- [Exercise requirements]: Your task is to return all of the records exactly, minus any images.

* * * *

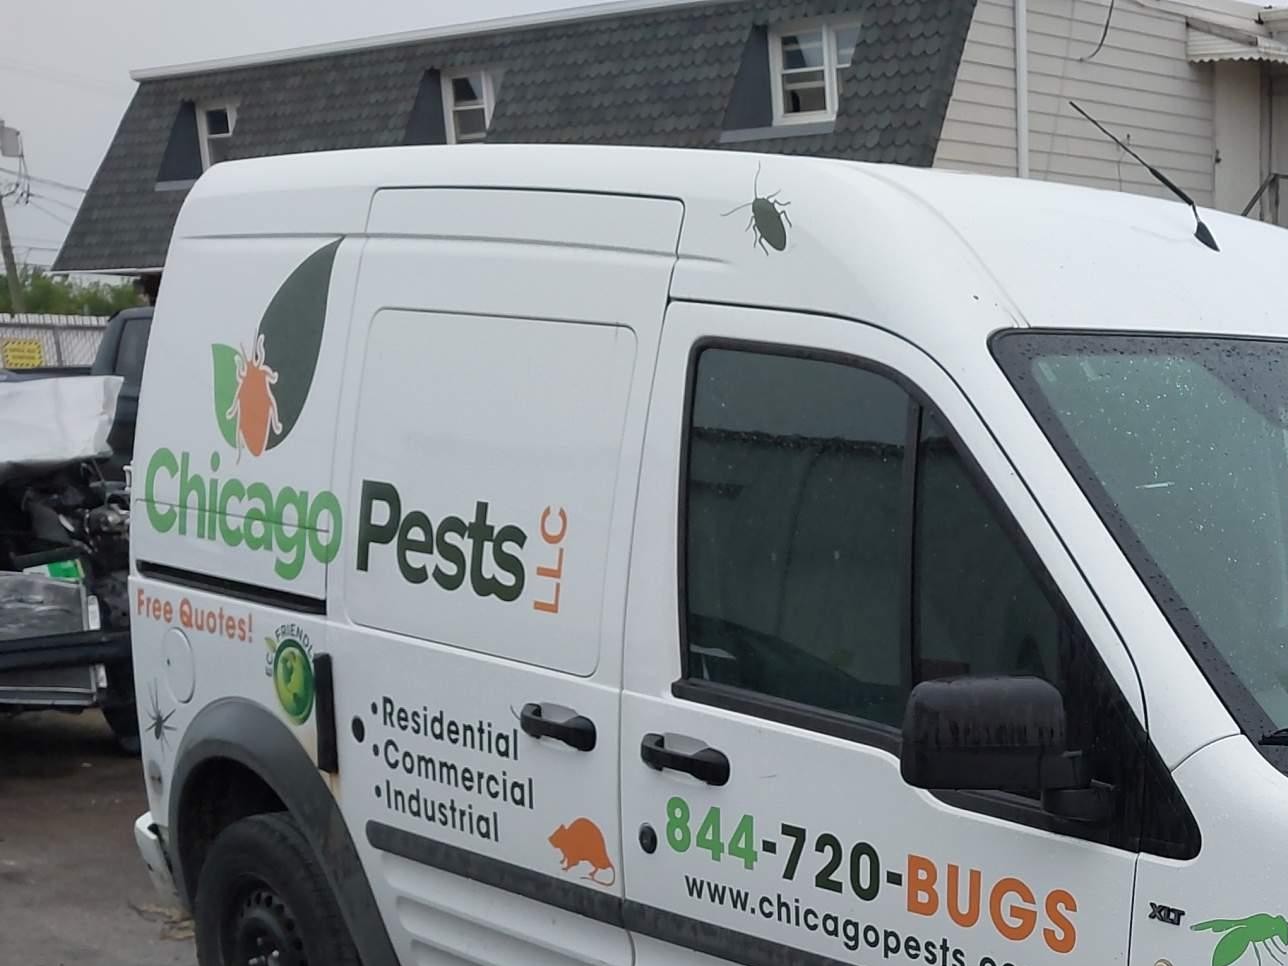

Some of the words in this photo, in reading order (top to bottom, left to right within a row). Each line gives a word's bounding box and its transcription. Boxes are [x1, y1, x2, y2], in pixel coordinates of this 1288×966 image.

[144, 447, 343, 581] Chicago
[356, 479, 527, 602] Pests
[533, 505, 568, 613] LLC
[137, 588, 173, 623] Free
[179, 598, 254, 643] Quotes!
[382, 696, 519, 760] Residential
[384, 739, 534, 809] Commercial
[386, 780, 499, 842] Industrial
[665, 796, 1078, 954] 844-720-BUGS
[1148, 902, 1186, 927] XLT

* * * *

- [Response to this exercise]:
Some of the words in this photo, in reading order (top to bottom, left to right within a row). Each line gives a word's bounding box and its transcription. Boxes are [x1, y1, x2, y2], in pixel coordinates of this 1288×966 image.

[144, 447, 343, 581] Chicago
[356, 479, 527, 602] Pests
[533, 505, 568, 613] LLC
[137, 588, 173, 623] Free
[179, 598, 254, 643] Quotes!
[382, 696, 519, 760] Residential
[384, 739, 534, 809] Commercial
[386, 780, 499, 842] Industrial
[665, 796, 1078, 954] 844-720-BUGS
[1148, 902, 1186, 927] XLT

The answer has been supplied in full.